There are some arguments on the side of the Ombudsman, nevertheless. It is true that the complainant contested the absence of any clear information, on what was needed to satisfy the requirements developed by the President of Parliament about the form of the signatures. Reading the documents submitted by the complainant, however, despite a certain ambiguity from the President, appears to highlight an explicit request to sign the forms before the deadline of 16th May 2019. For this reason, the Ombudsman assessed that the instructions were clear, that “the Parliament was therefore justified in rejecting the complainant’s requests for verification as inadmissible”, and that “there was no maladministration by the Parliament”.
A Pyrrhic victory for Parliament
What to make of this outcome? Have the complainant’s reasons been completely defeated by the Ombudsman? Or is this actually a Pyrrhic victory for Parliament? The latter is more likely. Here is why.

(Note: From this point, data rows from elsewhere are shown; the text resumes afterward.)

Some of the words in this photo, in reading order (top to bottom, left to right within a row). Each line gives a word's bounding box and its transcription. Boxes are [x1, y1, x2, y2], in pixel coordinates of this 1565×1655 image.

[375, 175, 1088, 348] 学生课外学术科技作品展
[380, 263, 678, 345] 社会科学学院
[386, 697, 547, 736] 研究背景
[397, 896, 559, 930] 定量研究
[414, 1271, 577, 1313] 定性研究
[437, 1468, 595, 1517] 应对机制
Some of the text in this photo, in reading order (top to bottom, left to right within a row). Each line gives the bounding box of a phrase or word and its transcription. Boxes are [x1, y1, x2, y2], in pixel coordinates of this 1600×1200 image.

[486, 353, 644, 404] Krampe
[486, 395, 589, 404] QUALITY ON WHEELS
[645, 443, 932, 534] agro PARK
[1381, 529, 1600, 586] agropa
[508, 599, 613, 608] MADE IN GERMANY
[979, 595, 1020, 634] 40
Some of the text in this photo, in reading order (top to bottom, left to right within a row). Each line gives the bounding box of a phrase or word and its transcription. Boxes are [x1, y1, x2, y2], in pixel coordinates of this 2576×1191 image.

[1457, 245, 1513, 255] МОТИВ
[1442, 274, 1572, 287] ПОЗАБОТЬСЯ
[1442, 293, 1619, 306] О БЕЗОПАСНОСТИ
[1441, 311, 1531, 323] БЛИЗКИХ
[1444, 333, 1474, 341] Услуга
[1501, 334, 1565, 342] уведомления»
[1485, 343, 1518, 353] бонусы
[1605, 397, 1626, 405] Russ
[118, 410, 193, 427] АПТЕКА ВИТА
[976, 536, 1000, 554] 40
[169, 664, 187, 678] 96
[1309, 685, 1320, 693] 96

In the final point of the decision there is probably an argument that will force the Parliament, in the future, to take the provisions of Regulation 1141/2014 even more seriously. “The right of EU citizens to request the verification of compliance with core EU values by a European political party is a very important democratic right”, the Ombudsman says. It is a right that, following a long and uncertain procedure, could lead the Parliament to lodge a request for verification of compliance of a specific political party with EU values. Parliament has the duty to encourage the exercise of this right and the way to do it is “to make available adequate information about how to make a request to verify the compliance of the European parties with core EU values”, the Ombudsman also outlines. In doing so it perhaps recognises implicitly that this information was not entirely adequate. This fair information requested for the further implementation of the Regulation 1141/2014 can be guaranteed in particular by highlighting a specific link on the Parliament home page which would explain the meaning of this new right, the importance of the respect for EU values by European parties, all the individual steps of the procedure to prompt the Parliament to lodge a request for verification and finally a template “and some clear guidelines to accompany the template”. All of this was requested in the complaint.
All of that is not such a bad outcome for a lost case. Perhaps even some silver lining for an (unexpected?), but not insurmountable, roadblock in ensuring that Parliament is held to the same EU values that it likes to project on other EU institutions and on Member States.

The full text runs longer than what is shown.